Data analysis as simple as a descriptive one can produce inaccurate and unfit information if it’s not done in the right manner. If you are working in a data-related field, it’s your job to make sure you provide the right answer to the problems your business is facing.
Imagine this situation: you are a data analyst in a new, rapidly growing OTT video streaming platform, called AkuNonton, with a wide variety of genres in your content library. The management asks you to analyze which audience demographic segment has the most traction for the platform’s top genres so that the marketing team can boost the promotion for content in each genre and target it to the right segment.
Demographic analysis is one of the most common forms of research conducted by any business platform, especially B2C enterprise. Every day, these companies are dealing with tens or hundreds of thousands of users coming in and out of their platforms, and understanding their preference is the key to improving user engagement and driving up business metrics. In short, analyzing demographic profiles is a simple form of analysis that can provide valuable insights to the stakeholder, but doing it accurately is a whole different matter.
We go back to the previously mentioned situation. After you received the request, you run the query through your database and get the traffic data for the top 5 genres in AkuNonton for the last one month for each user’s gender and age group. The table that you retrieve looks like this:
To simplify the case, let’s dig into the first top genre only, which is held by Action genre with a large margin. Suppose we want to know which demographic segment watches Action contents. In that case, we can simply look at the proportion of each audience segment compared to the total audience for that particular genre. You do your math homework and get this result:
Perfect! Now you can conclude that AkuNonton needs to promote its Action contents to the Female 18–24 yrs old segment, followed by Female <18 yrs old and Male 25–34 yrs old. Time to transform this data into a nice visualization, send it to the management, and call it a day…….
If you look thoroughly into the main table, you can see that the female audience dominates the <18, 18–24, and 25–34 yrs old segment by a significant amount compared to the male audience.
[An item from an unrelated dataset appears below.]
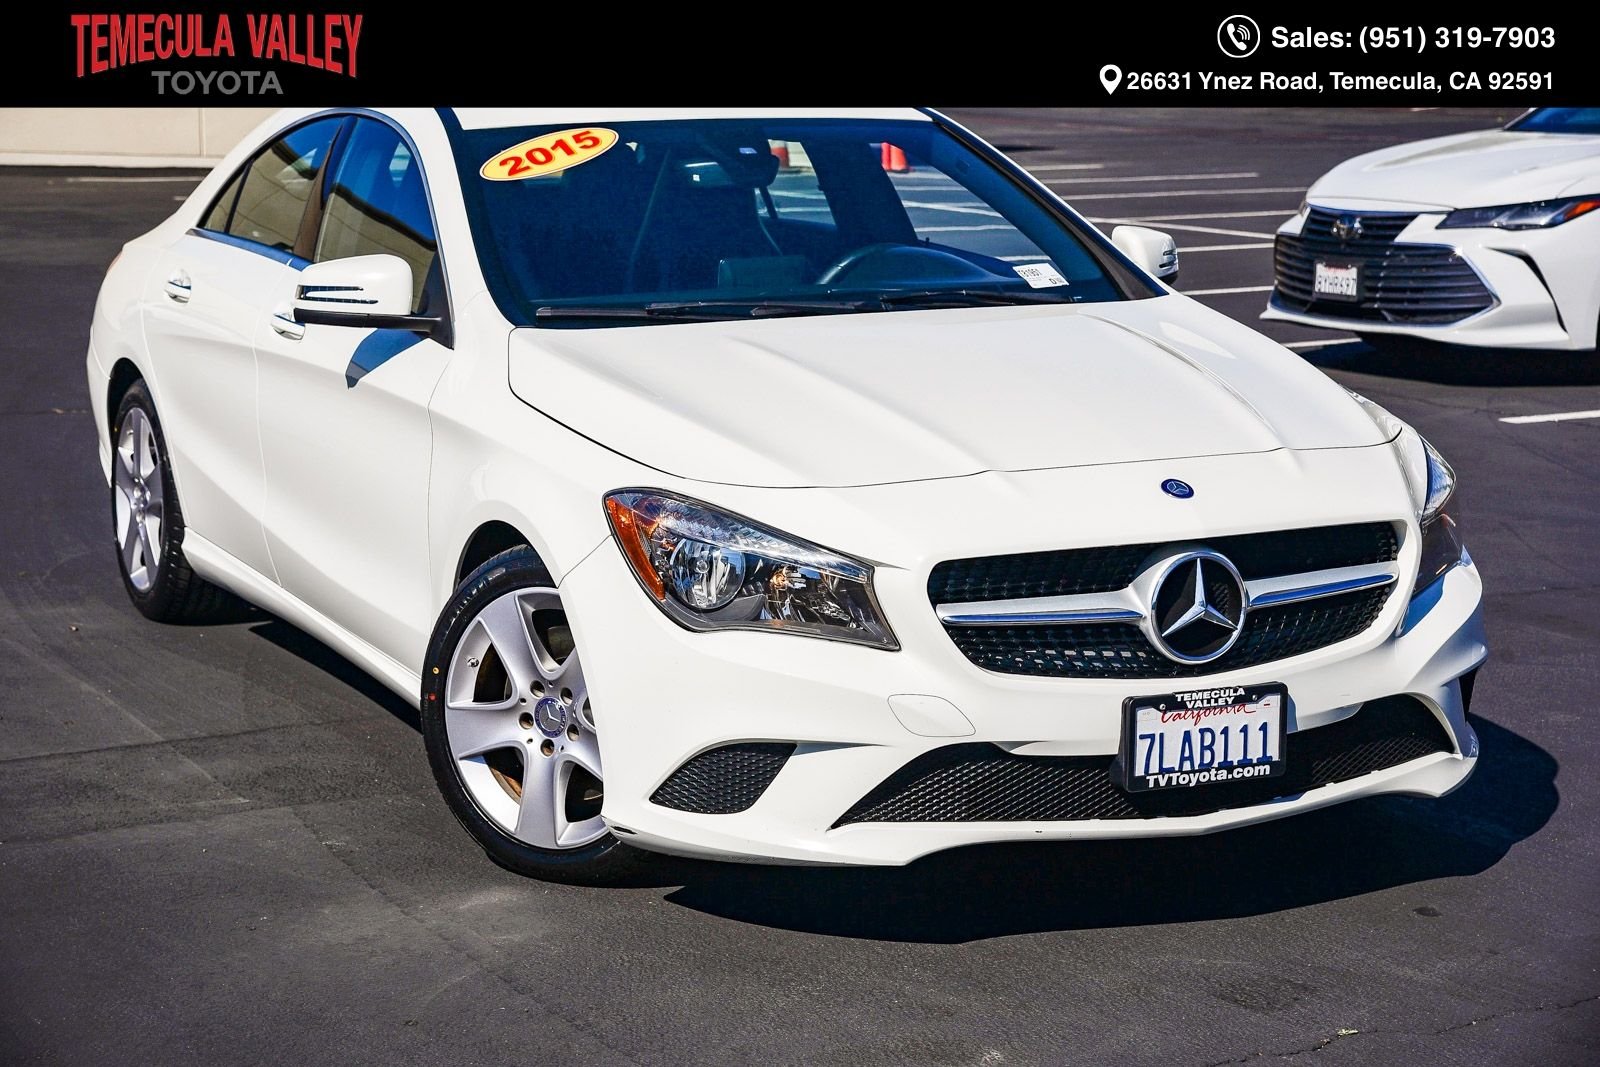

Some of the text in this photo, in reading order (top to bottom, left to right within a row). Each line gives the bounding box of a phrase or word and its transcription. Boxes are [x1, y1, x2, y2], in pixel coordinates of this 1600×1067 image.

With a more extensive user base, we inherently received data where almost all genres display more female audiences. This can be potentially misleading as the question we are trying to answer here is how likely certain contents attract different segments of users, not the segment with the most considerable contribution of traffic.
To eliminate the bias in our data, we need to remove the disparity by changing our calculation metric from the absolute number of users to a ratio of genre-specific audiences in each segment to the total number of users in each segment:
Proportion column is calculated by dividing Users:Action with Users:All Genre (example for the first row: 170,884/248,612 = 69%)
By calculating this new “Proportion” metric, we are normalizing our data so that the effect of the disparity in our data is eliminated and not being carried away further in our data analysis process. Instead of comparing the absolute numbers, we compare the proportion of users in each segment that likes a particular genre, in this case, Action.
We pretty much can see more clearly now which demographic segment has the higher tendency to be attracted to Action movies. However, this number is still not that intuitive to understand; for example, how much more likely are male audiences below 18 years old to be attracted compared to all users in general? To give more clarity to the data, we further create a new metric called “Index,” where we calculate the ratio of each segment’s Proportion to the number in all users’ Proportion. Once again, you do the math, sort it, give it a little touch of colors, and now you have this:
Index is calculated by dividing the proportion for each demographic segment with the proportion for all users multiplied by 100 (example for the first row: 78%*100/69% = 114)
Beautiful. With the Index number, we can quantify the likeliness for a specific user segment to prefer contents in a particular genre, where a higher number means higher likeliness. This quantification enables us to answer the question above, that the male audience below 18 years old is 6% (= 106–100) more likely to be attracted to Action movies than users in general. This data has revealed that our main promotion target for Action content should be the Male 35–44 yrs old segment. Now it’s time to wrap this up for real….. right?
Well, the fact that we have done our math homework is absolutely true, but making business decisions requires more understanding than just processing the numbers from our internal data source. We may send this data to the marketing team and they would argue that the user base for the top 2 segments with the highest index has too small of a population and, consequently, too insignificant to spend our resources on them. After all, as a video streaming platform, AkuNonton’s market has to be medium to heavy internet users, which mainly consists of digital native generation.
In conclusion, data analytics is an iterative process that requires a holistic approach to provide the right insight to the right stakeholder. This example case serves as a reminder to solve any data problem without skipping these often overlooked steps:
- Know your problem statement. This will be the question you are trying to answer with your data. Our first analysis result (table 2) might be misleading for this case, but suitable if, let’s say, the sales team need to know firsthand the demographic composition of a particular content’s traffic before offering their clients ad slots in AkuNonton’s platform.
- Understand your data comprehensively. Do some Exploratory Data Analysis (EDA), see the data distribution, detect any bias that needs to be handled.
- Go beyond just the numbers. Fully depending only on your calculation to draw insights and suggestions will weaken the quality of your analysis. Gain a deeper understanding of your business, know your market, and get some context to develop more precise and spot-on analysis.